Wednesday, May 5, 2010

Creating Value – What is a JVP anyway?

As I have thankfully been quite busy since January, I have been talking to my friend and colleague John Soper at New Paradigms Marketing about collaborating on some postings - this is the first in that series of work. Thanks, John, for taking the initiative!

In a previous blog [Northeast, you say?] I have talked about Creating Value with an alliance partner, leading to a compelling Joint Value Proposition (JVP). This is one of most important components of a successful alliance and requires focus over the life of the alliance.

Creating Value is about connecting points of value in you and your alliance partner's business that yields "1+1 is greater than 2" value to your joint customers. But as I pointed out earlier, the best yields usually come from looking beyond existing products; or existing systematized marketing and sales channels; or the existing structure of the support organizations: beyond what's already in your collective "sales bag."

Rather, the Joint Value that often yields the highest return is found by peeling back the layers and looking at the underlying technologies, marketing and sales capacities, service offerings and so forth.
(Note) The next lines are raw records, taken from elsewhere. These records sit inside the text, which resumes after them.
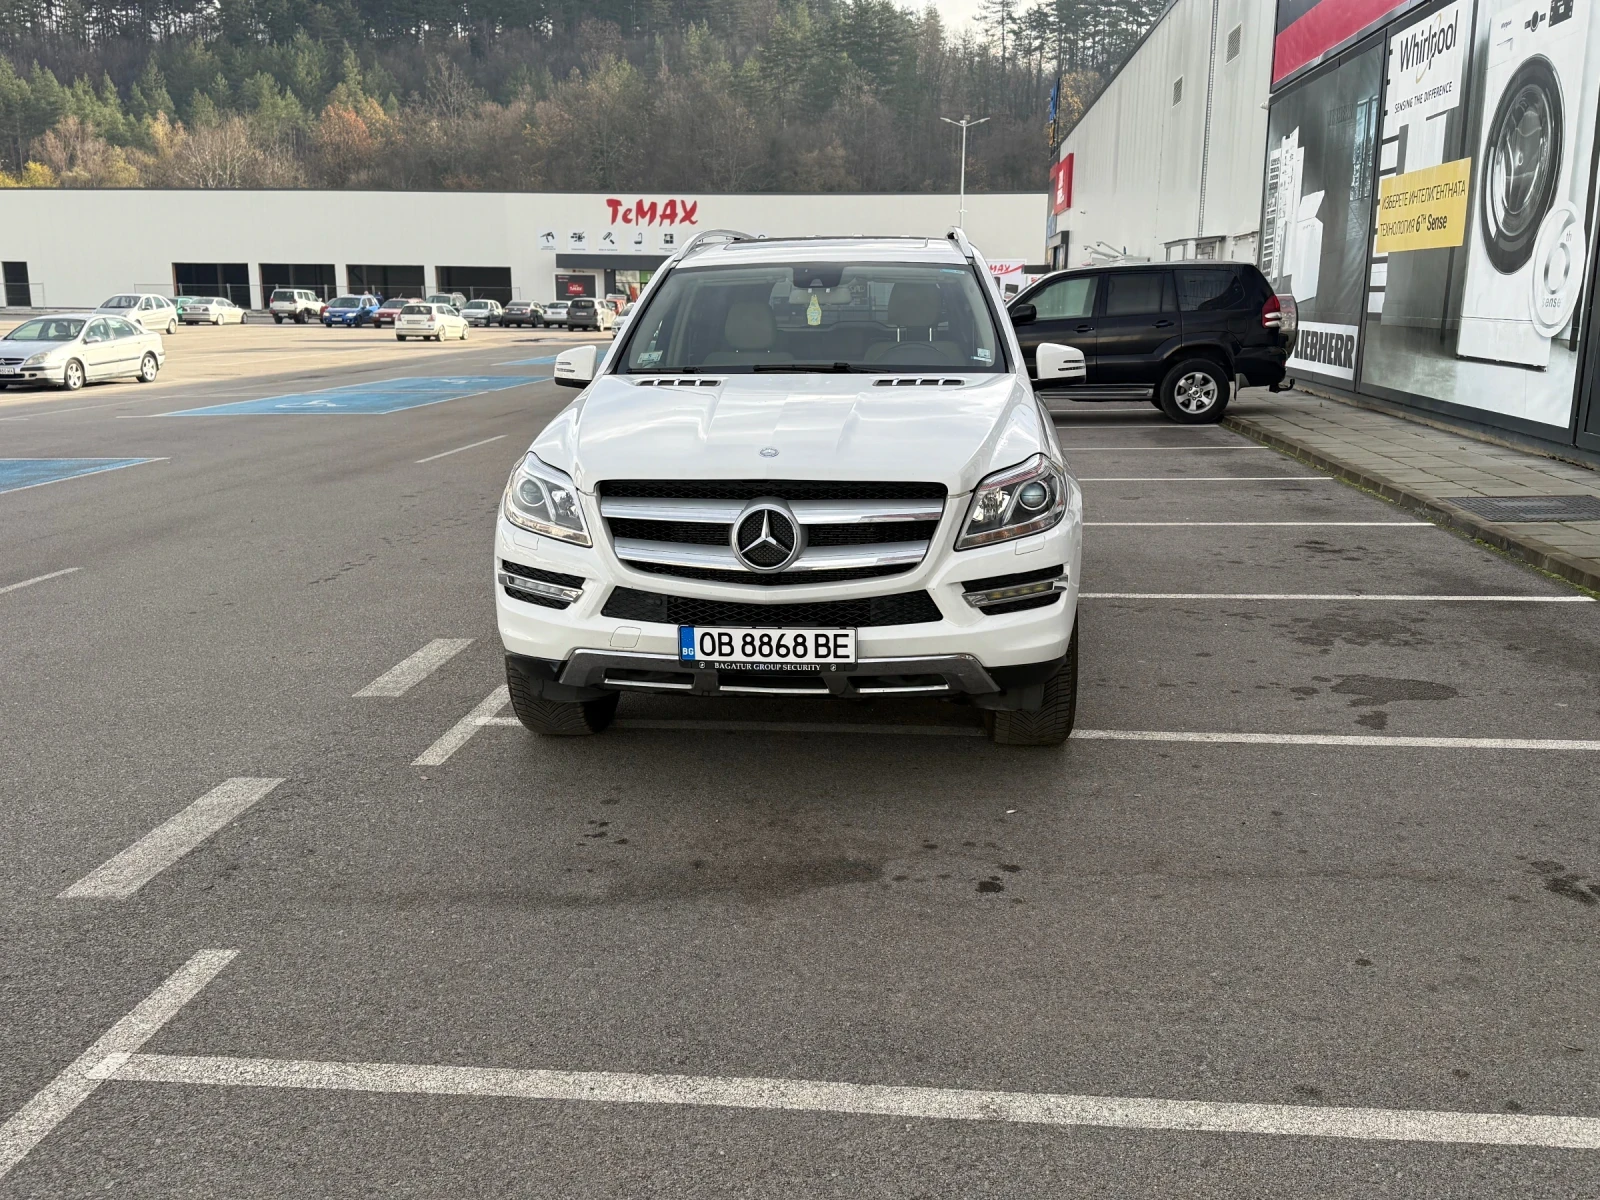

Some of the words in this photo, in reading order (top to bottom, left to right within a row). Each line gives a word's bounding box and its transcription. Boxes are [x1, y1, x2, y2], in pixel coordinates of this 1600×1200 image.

[1400, 9, 1459, 72] Whirlpool
[1394, 97, 1414, 114] SENSING
[1414, 93, 1423, 105] THE
[1423, 81, 1453, 103] DIFFERENCE
[1381, 191, 1409, 210] ИЗБЕРЕТЕ
[1408, 180, 1466, 205] ИНТЕЛИГЕНТНАТА
[1380, 218, 1415, 237] ТЕХНОЛОГИЯ
[1426, 213, 1448, 232] Sense
[1293, 329, 1355, 370] LIEBHERR
[682, 647, 694, 656] BG
[699, 631, 735, 657] OB
[741, 632, 808, 658] 8868
[814, 633, 850, 659] BE
[714, 662, 752, 670] BAGATUR
[753, 663, 782, 671] GROUP
[782, 663, 821, 672] SECURITY
For example, you might find move value in combining a platform underlying your product with capabilities in your partner’s application to expose higher value functions that are “must have” upgrades for your collective customers. Or more value in adjusting sales processes to better complement each other (e.g., in combination, broader market coverage, more technology depth). Or, possibly, you can create more value by combining an innovative product offering with your partner’s strong service expertise, so they are seamless to customers.
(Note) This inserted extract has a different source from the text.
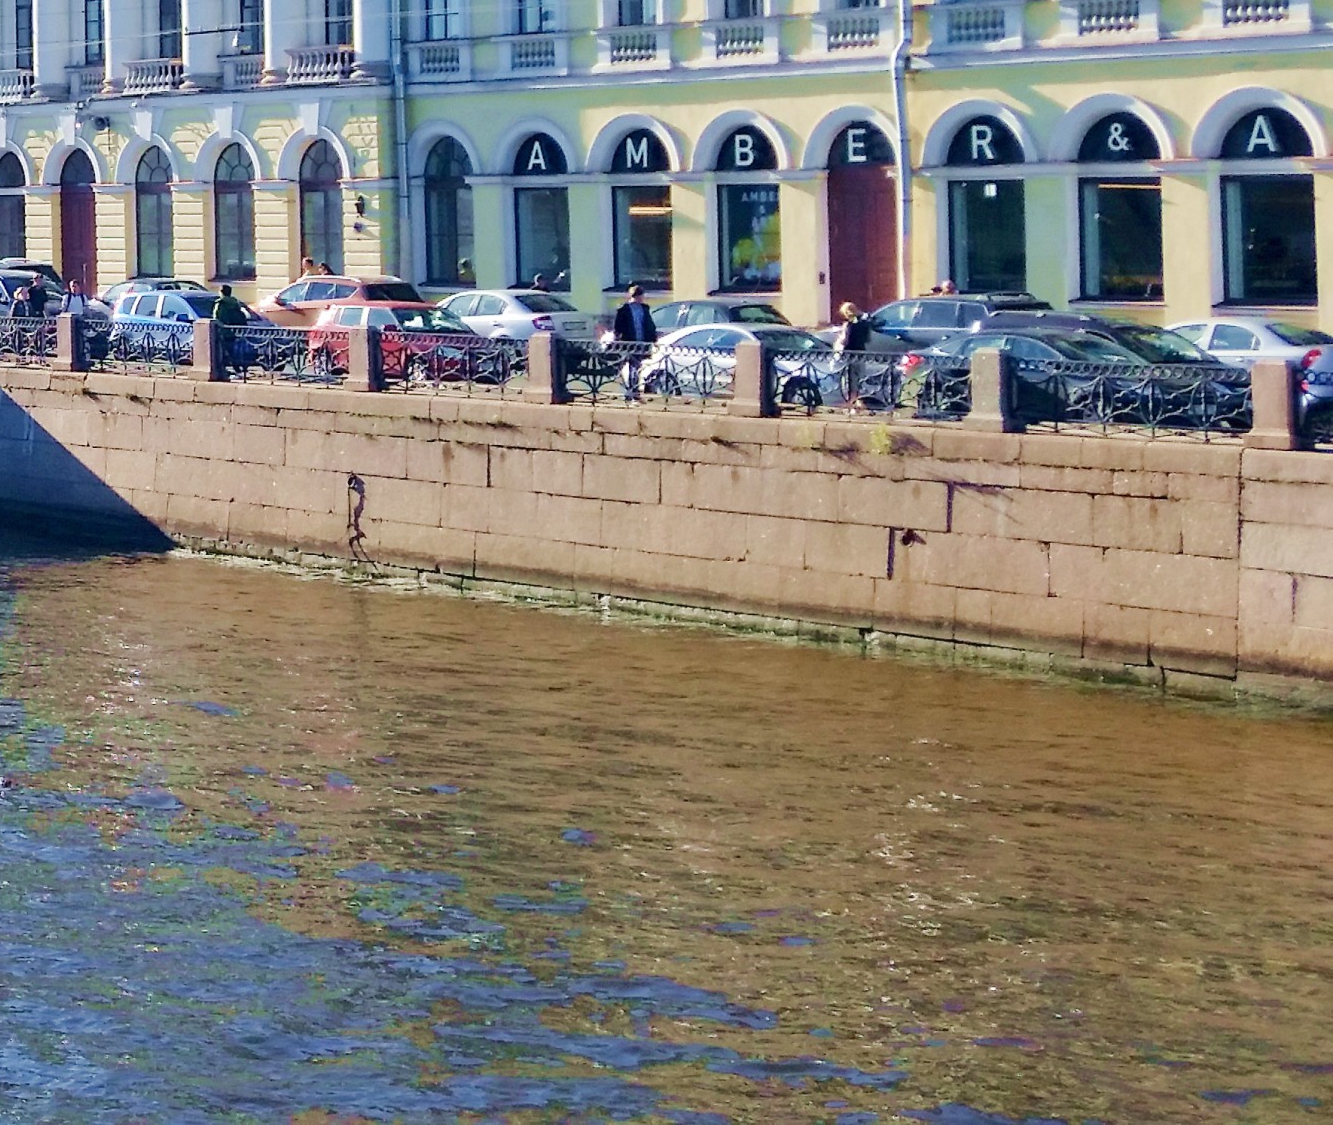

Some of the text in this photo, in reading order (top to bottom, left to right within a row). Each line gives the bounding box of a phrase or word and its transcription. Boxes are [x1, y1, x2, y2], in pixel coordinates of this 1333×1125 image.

[527, 114, 1278, 171] AMBER & A
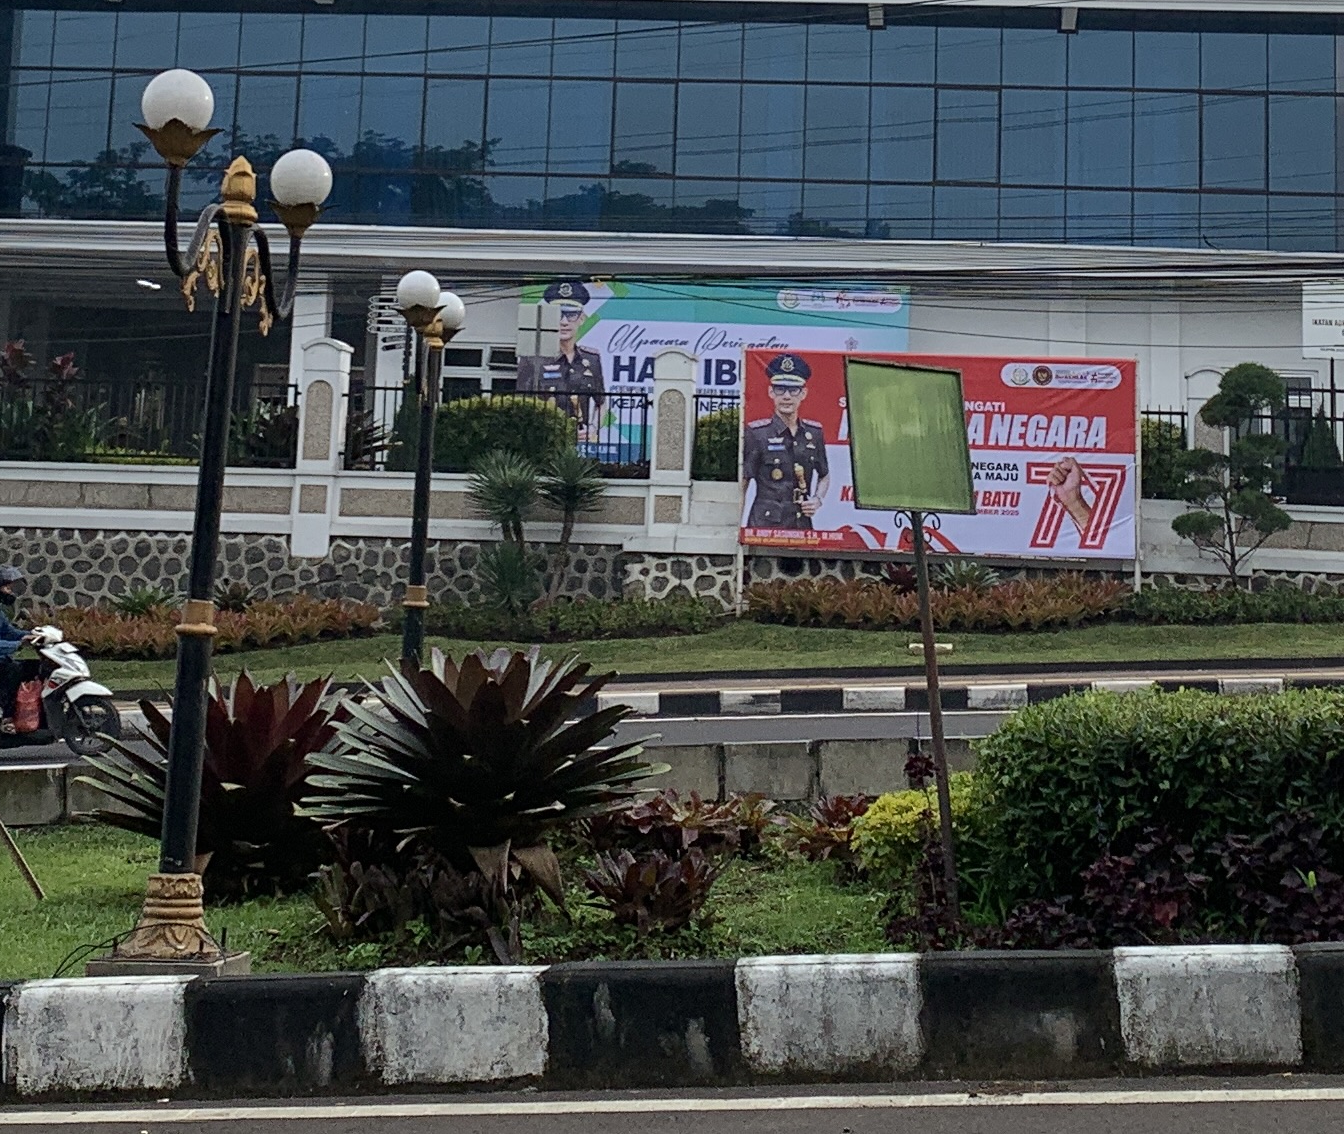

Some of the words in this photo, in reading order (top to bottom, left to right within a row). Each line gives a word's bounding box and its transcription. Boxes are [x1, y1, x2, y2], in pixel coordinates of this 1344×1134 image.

Progressing down this path of value creation is an evolutionary risk-taking exercise for both companies. So, often you will find executive resistance to devoting effort and expending time and money towards new value creation when you have not yet extracted the obvious value that brought you and your partner together, or there is concern that you don’t yet know the “joint customers” needs well enough to devote more scarce resource. The challenge for the Business Development executive is, then, to lead the formulation of an evolutionary plan that creates sufficient value for launch, demonstrates success and learning from that value creation and then builds on the success to create new value. And repeat! Easy to say, but harder to do successfully – it requires a commitment on both sides to stay in tune with the pulse of the alliance, to learn from each experience, and to have well-supported plans ready to move down the evolution path together.

This search for new Joint Value can be the most creative. And fun! But how do you do you get this value to your bottom line? How do you Extract Value so you are getting your share?

In the next blog, I will discuss some examples, leading into how to Extract your fair share of the Value Created.

Until then - Michael

1 comment:

  1. We can focus on just getting the partnership built and forget that often a bigger challenge is keeping it vibrant and growing. Re-examining the Joint Value Proposition on a regular basis increases the likelihood of success over the long haul. Excellent post!